Copy the listing verbatim, excluding any images found in it.

The data below:

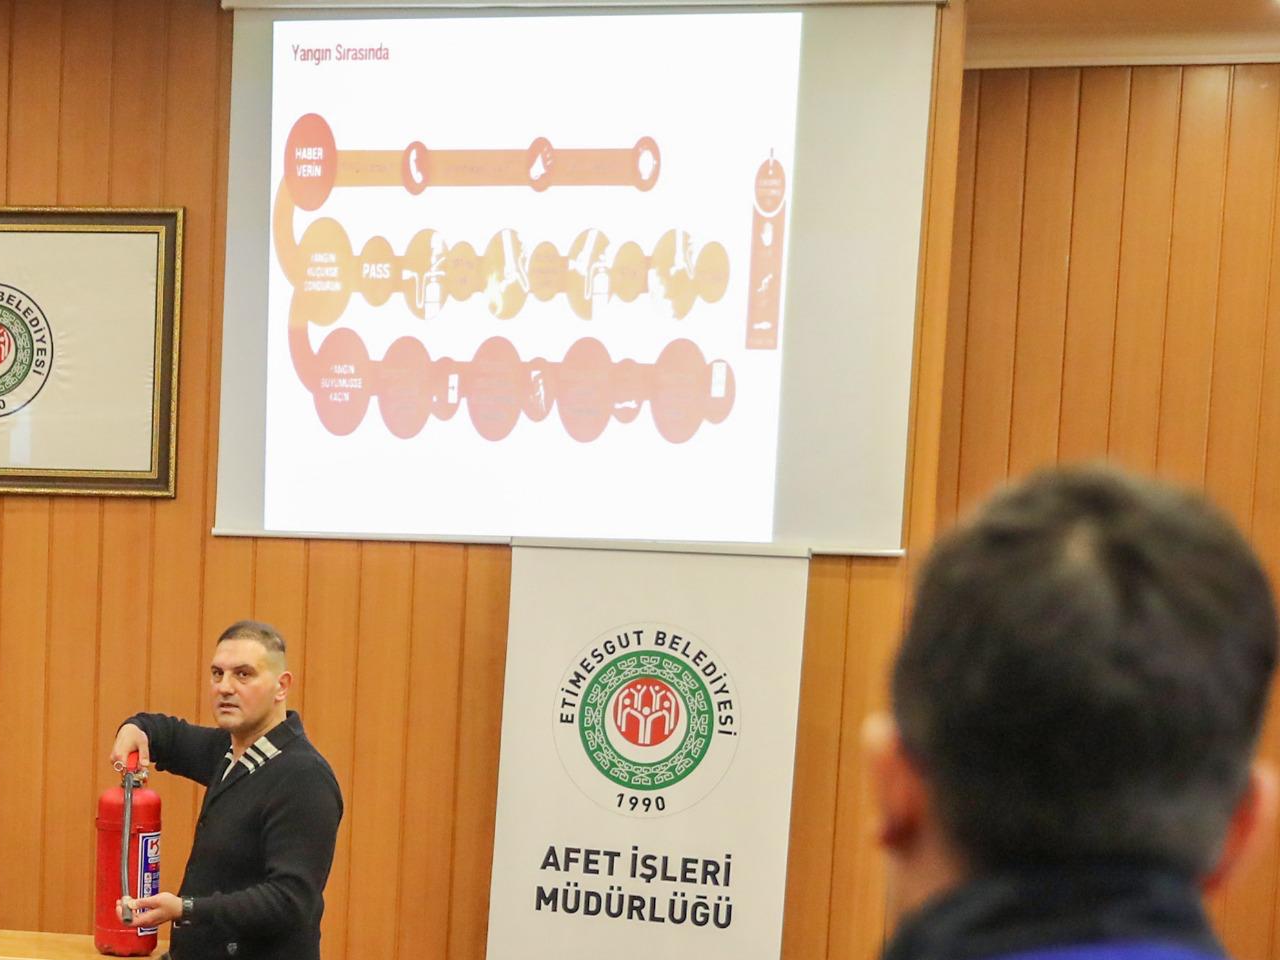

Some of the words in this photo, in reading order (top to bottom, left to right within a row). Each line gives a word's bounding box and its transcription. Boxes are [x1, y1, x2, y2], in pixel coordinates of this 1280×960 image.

[291, 44, 331, 66] Yangın
[335, 42, 389, 61] Sırasında
[295, 147, 323, 160] HABER
[362, 263, 391, 279] PASS
[559, 630, 644, 724] ETİMESGUT
[654, 630, 737, 736] BELEDİYESİ
[616, 793, 665, 812] 1990
[540, 845, 620, 876] AFET
[629, 846, 732, 887] İŞLERİ
[534, 881, 733, 929] MÜDÜRLÜĞÜ

End of The data.

Task output »
Some of the words in this photo, in reading order (top to bottom, left to right within a row). Each line gives a word's bounding box and its transcription. Boxes are [x1, y1, x2, y2], in pixel coordinates of this 1280×960 image.

[291, 44, 331, 66] Yangın
[335, 42, 389, 61] Sırasında
[295, 147, 323, 160] HABER
[362, 263, 391, 279] PASS
[559, 630, 644, 724] ETİMESGUT
[654, 630, 737, 736] BELEDİYESİ
[616, 793, 665, 812] 1990
[540, 845, 620, 876] AFET
[629, 846, 732, 887] İŞLERİ
[534, 881, 733, 929] MÜDÜRLÜĞÜ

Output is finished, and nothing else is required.